When backing up, restic reads your files, encrypts, creates hashes and other things. It creates files in your repository. Every file there is named after its checksum. Between your source files and the files in the repository, try here are a lot of places where data could have been garbled in some way. Suspects:
Host1 RAM.
Host1 CPU.
Host2 RAM.
Host2 CPU
In all of these components (and maybe some more), data is passing through without checksum and corruption could happen without any piece of SW noticing it.
That’s correct. I run the restic on my desktop with restic -r sftp://....
I’ve had CPU issues in the past (I’m on my fourth Raptor Lake CPU), so if I had to guess, I’d assume the issue is there.
I thought in recent versions of Restic, after backing data up it checks that data to make sure it’s stored correctly? If that is the case, and a checksum was stored incorrectly or if the wrong data was stored, it would have been caught at the time of backup, yes?
Is it incorrect for me to assume that at some point the correct data and checksum existed in the repo?
I guess so, since that would be the entire purpose.
If 1) restic performs a read-back when backing up AND 2) the was successful, then it is guaranteed that correct data was on disk in the repo. But, as written above, I don’t know if read-back is performed.

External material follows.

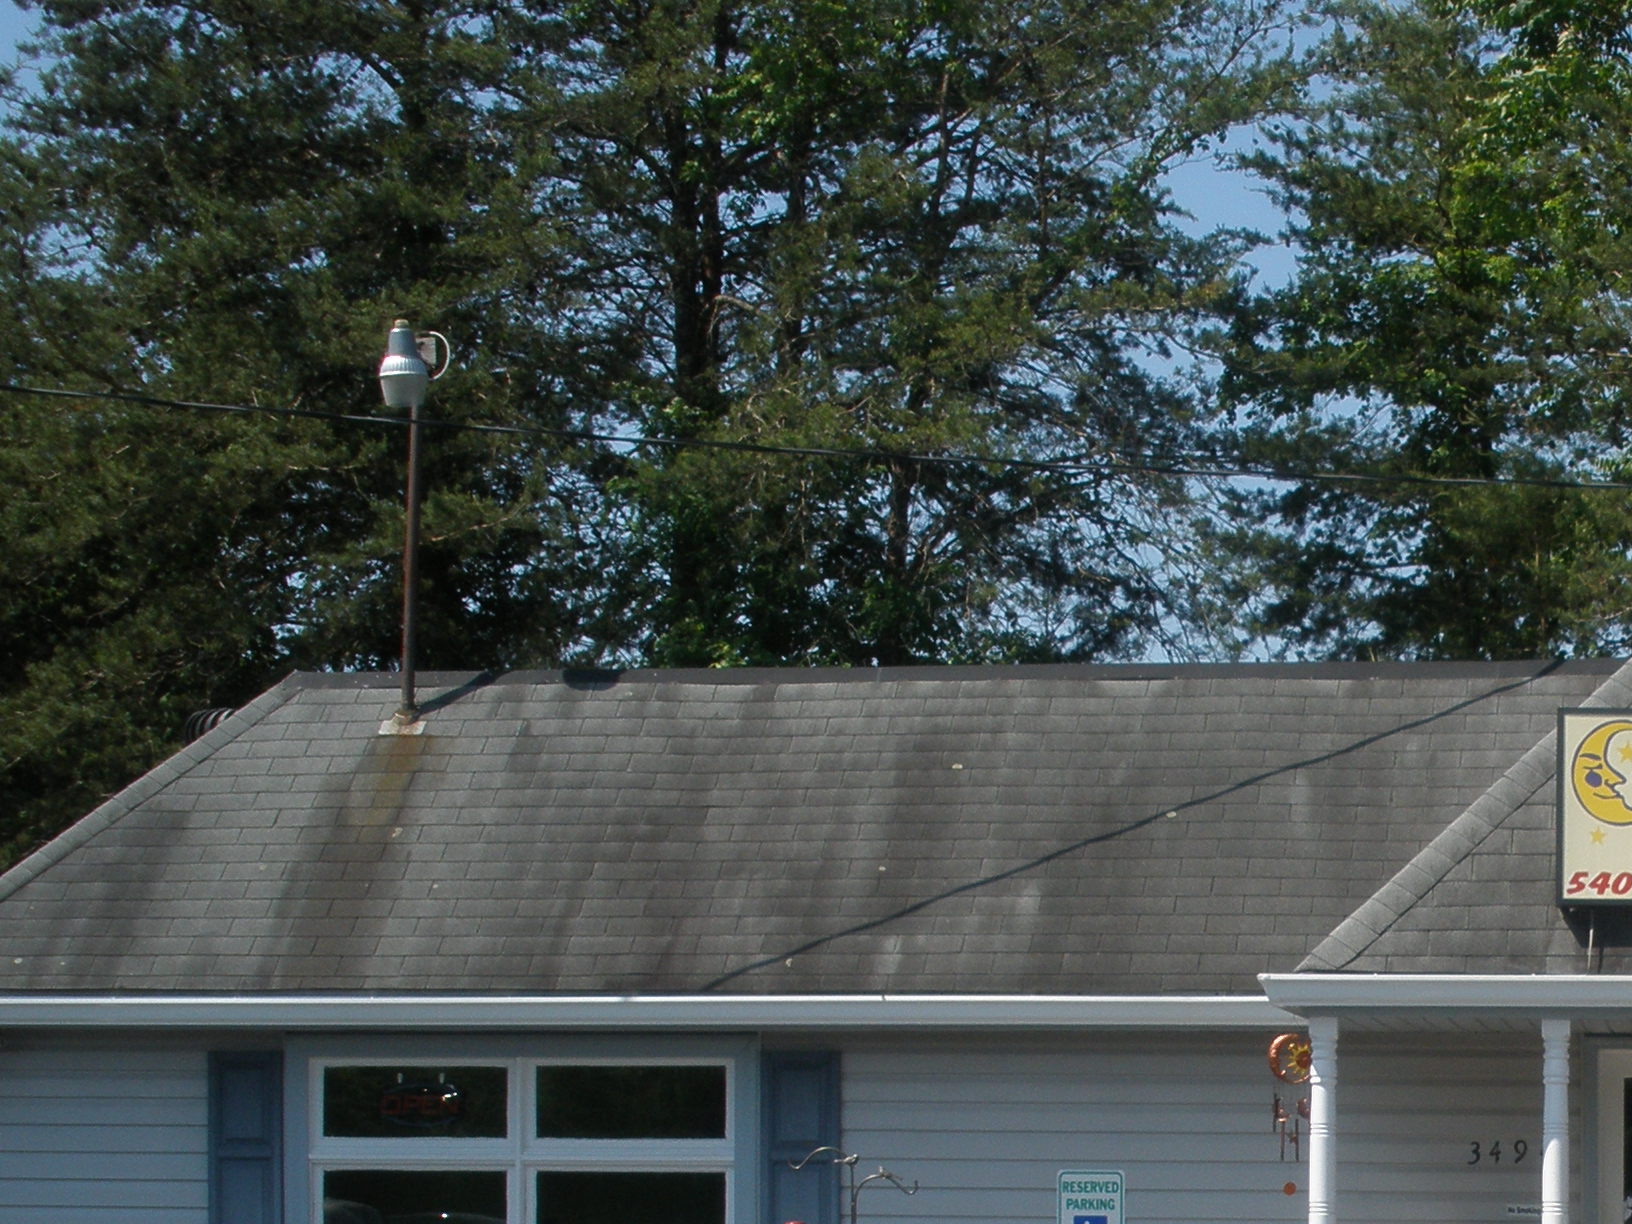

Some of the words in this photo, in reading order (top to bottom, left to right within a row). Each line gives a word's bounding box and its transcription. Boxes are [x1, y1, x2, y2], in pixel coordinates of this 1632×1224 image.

[1467, 1140, 1543, 1165] 349
[1062, 1181, 1119, 1194] RESERVED
[1066, 1199, 1115, 1211] PARKING

Okay, that helps A LOT! I’m on NixOS and, they can be kind of slow to get things in the stable channel. All the errors are in snapshots around the same time earlier this year, so I’m guessing this is from before they updated to the more recent version of Restic that has this feature. Thanks!

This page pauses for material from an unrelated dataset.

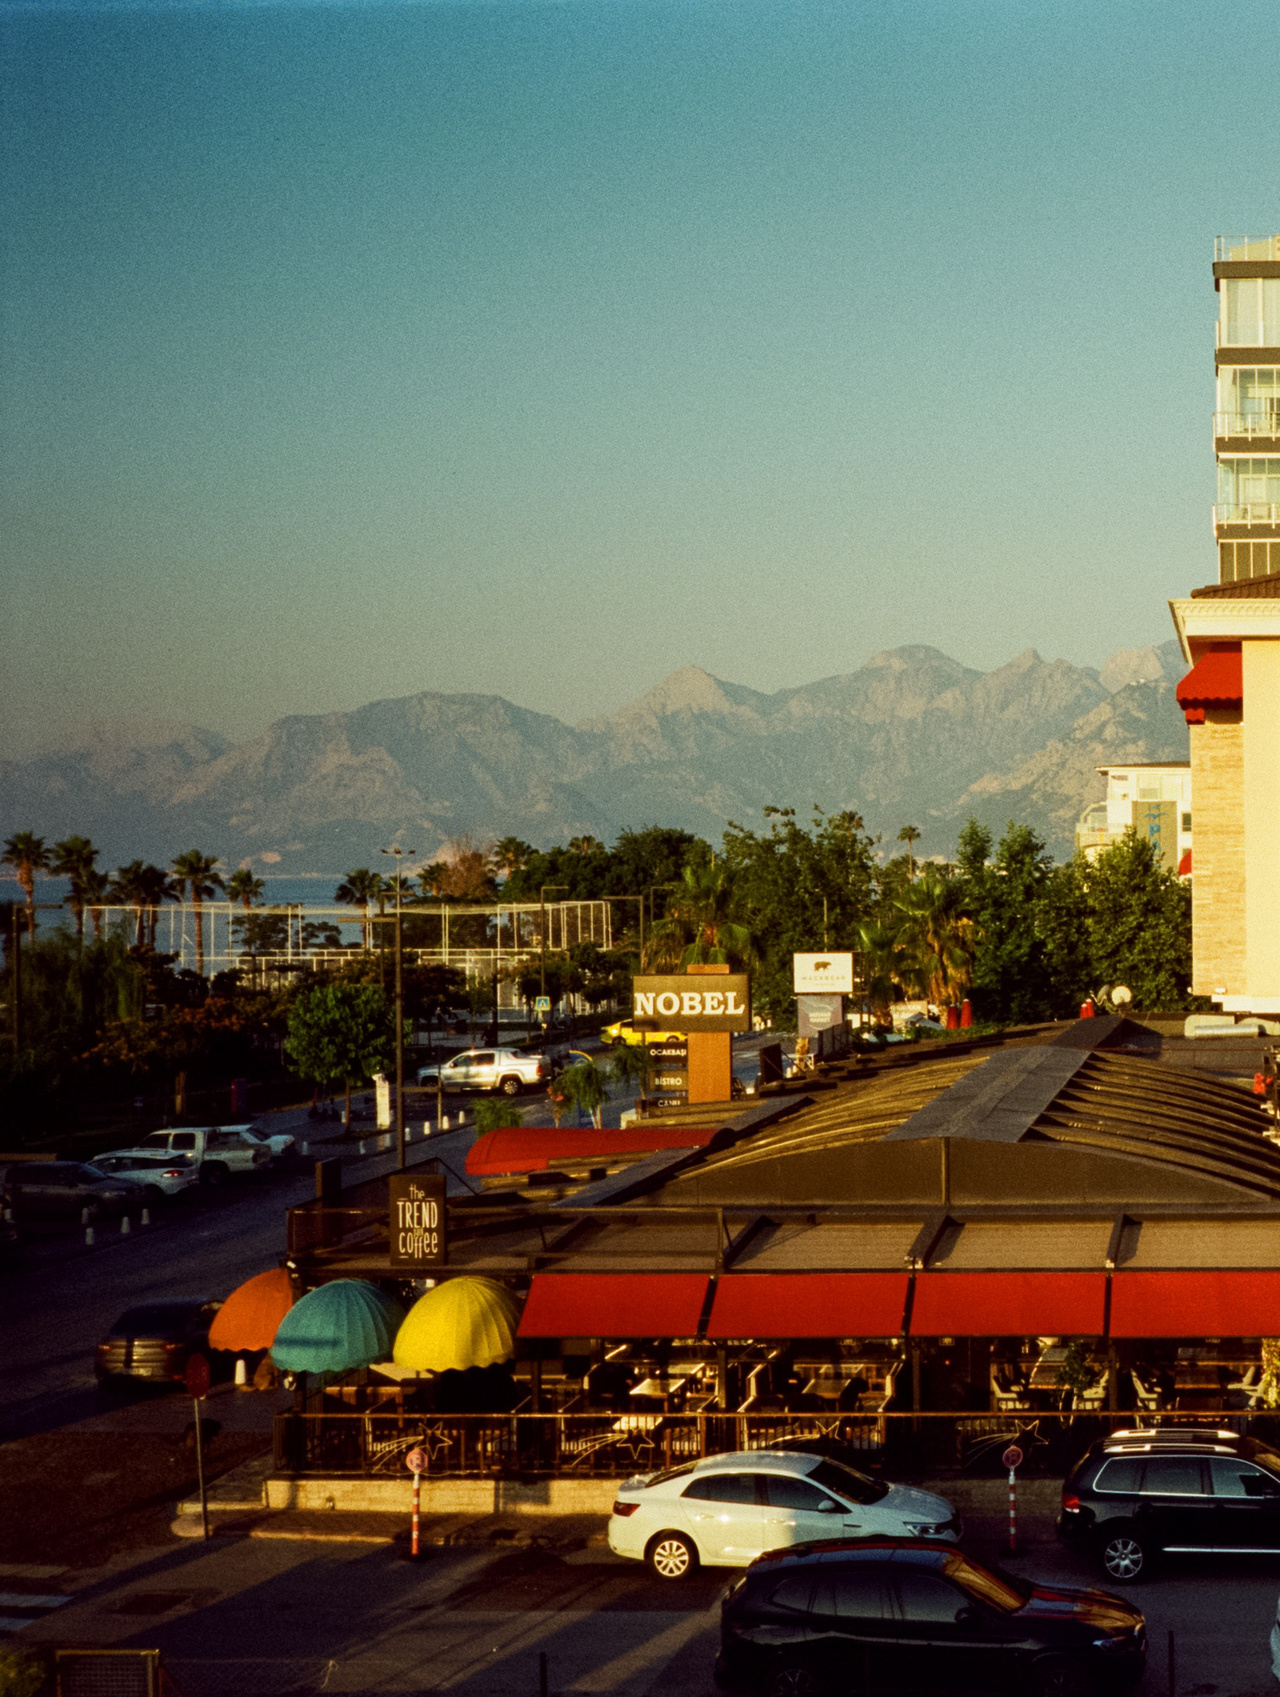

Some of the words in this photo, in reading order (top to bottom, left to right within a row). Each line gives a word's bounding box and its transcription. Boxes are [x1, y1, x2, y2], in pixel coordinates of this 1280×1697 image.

[634, 991, 745, 1016] NOBEL
[650, 1048, 687, 1057] OCAKBAŞI
[409, 1184, 425, 1199] the
[396, 1202, 439, 1228] TREND

This particular error must have happened on the host creating the backup or a bitflip while checking the data. If it were data corruption on the storage side or during transfer, then I’d expect restic to complain about a hash mismatch of the pack file itself. But there’s only an error regarding the blob. So either the error occurred during the check or while assembling the packfile.
Only starting from 0.16.4.
Make sure to fix the repository such that check no longer complains about an error.

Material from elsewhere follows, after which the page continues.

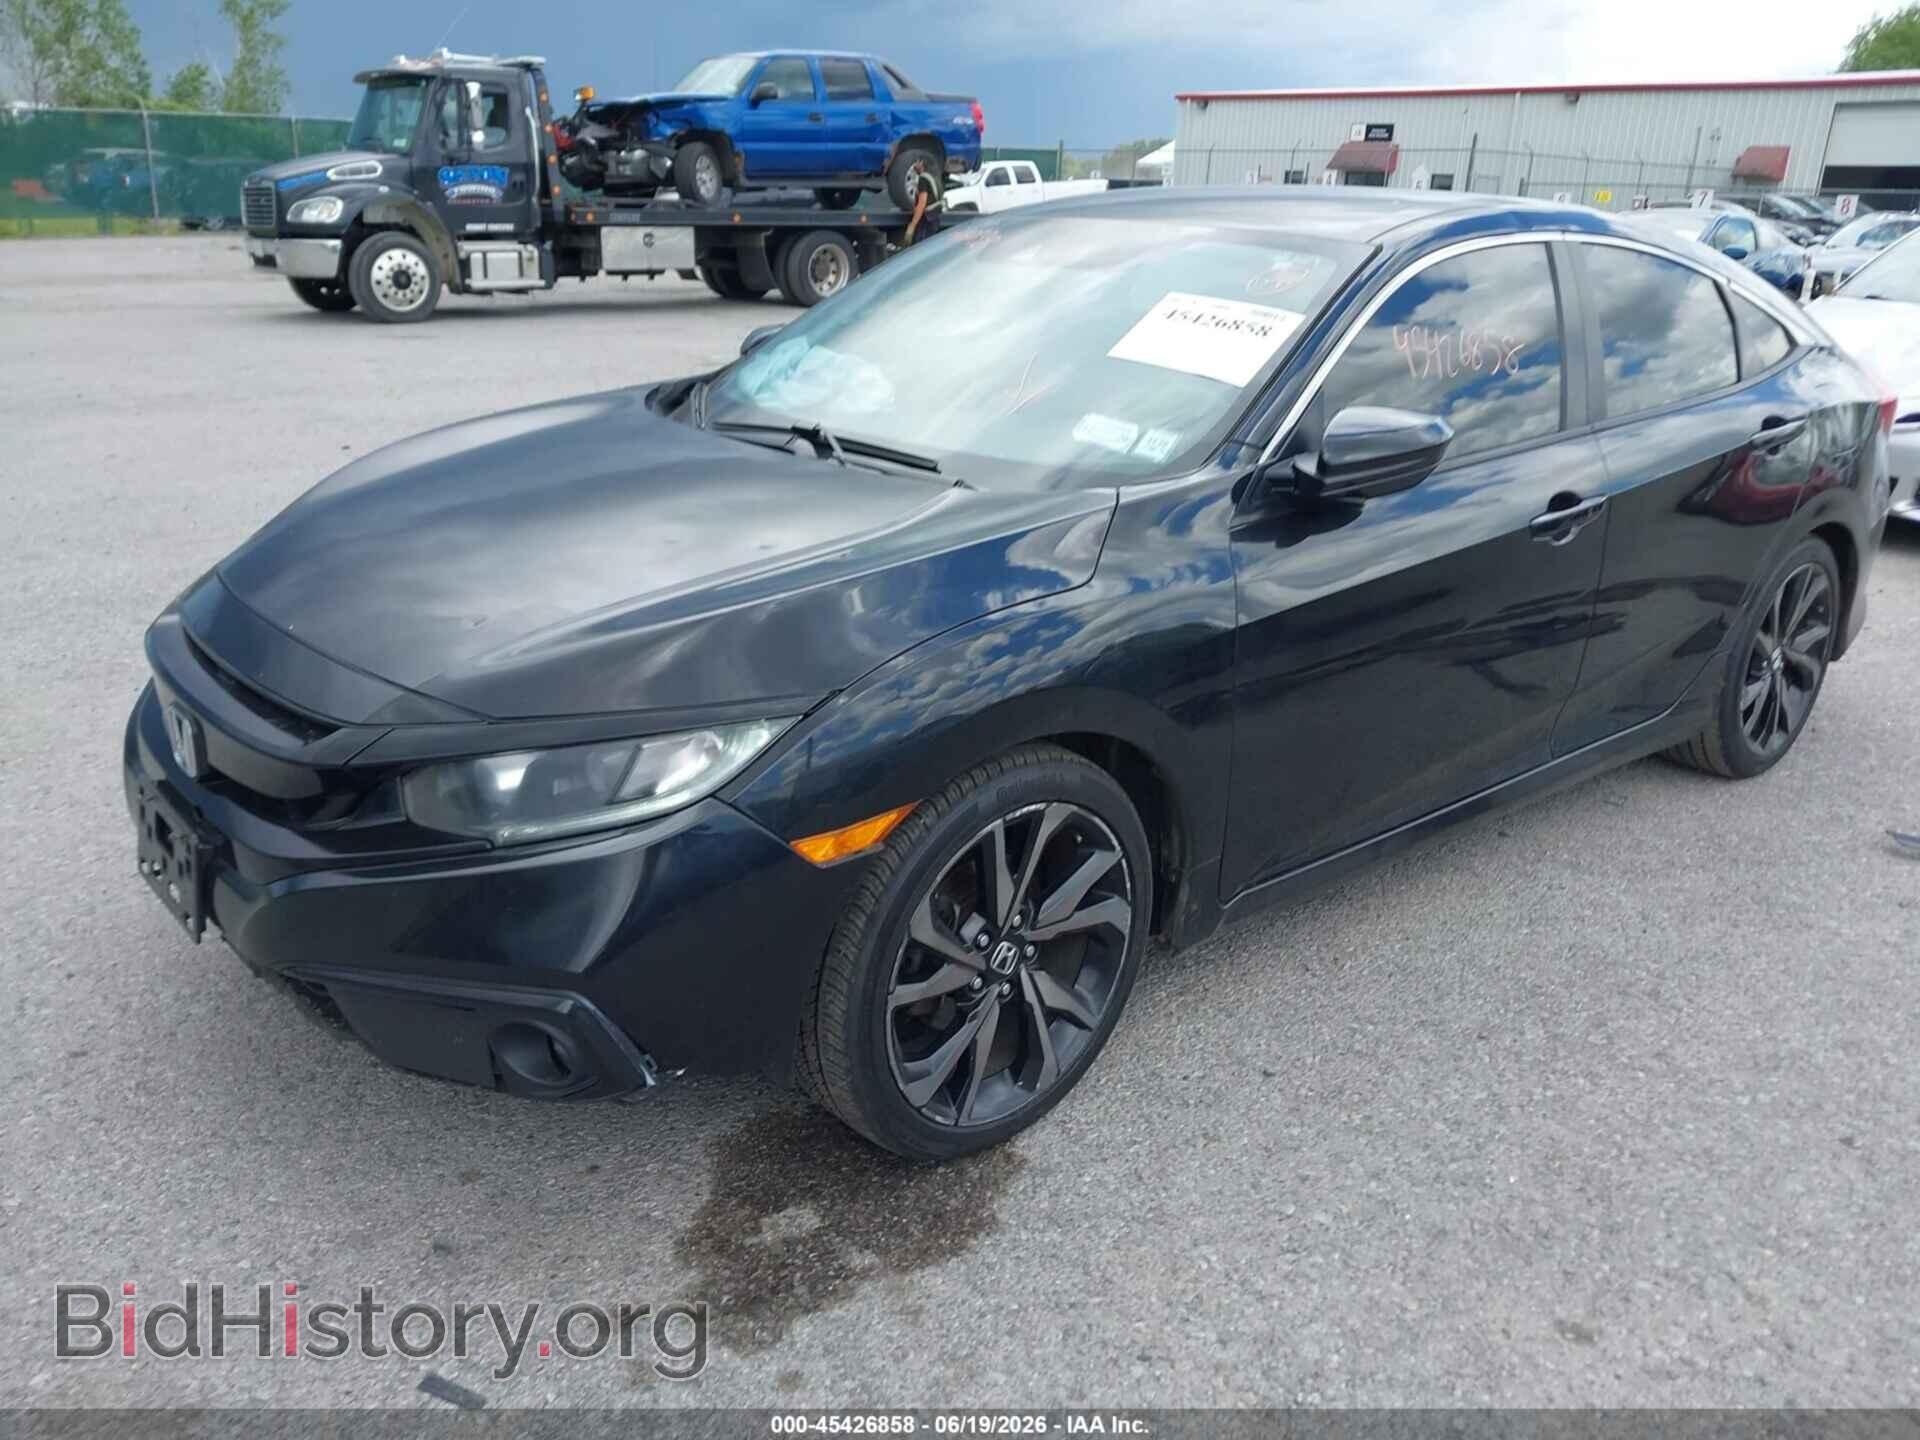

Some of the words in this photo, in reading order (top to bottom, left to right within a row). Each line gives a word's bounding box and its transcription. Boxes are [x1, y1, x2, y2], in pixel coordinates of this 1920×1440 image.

[1699, 191, 1708, 208] 7
[1840, 198, 1852, 215] 8
[1162, 308, 1273, 338] 45426858

Currently, I’m using 17.3, but the effected snapshots are from April, prior to NixOS 24.05, so there’s a good chance I was on 0.16.3 or whichever version it was that was causing corruption. At some point I changed my system config to track Restic from the unstable branch instead of stable, but I can’t remember when that was (and I don’t keep the Git repo for my .nix files as up-to-date as I should).
Working on that currently. I used the repair packs and repair snapshots --forget. Now I’m just checking it, but it’s over 4TB stored on spinning rust, so I probably won’t know the results until tomorrow.
Starting from restic 0.16.0 the snapshot metadata contain the restic version that originally created it. You can run restic cat snapshot <snapshotID> to take a look.
Thanks! I figured that was the case, but it really puts my mind at ease to know this is the result of an already resolved software bug that I already knew about, rather than something new, be it a hardware fault or a new software bug.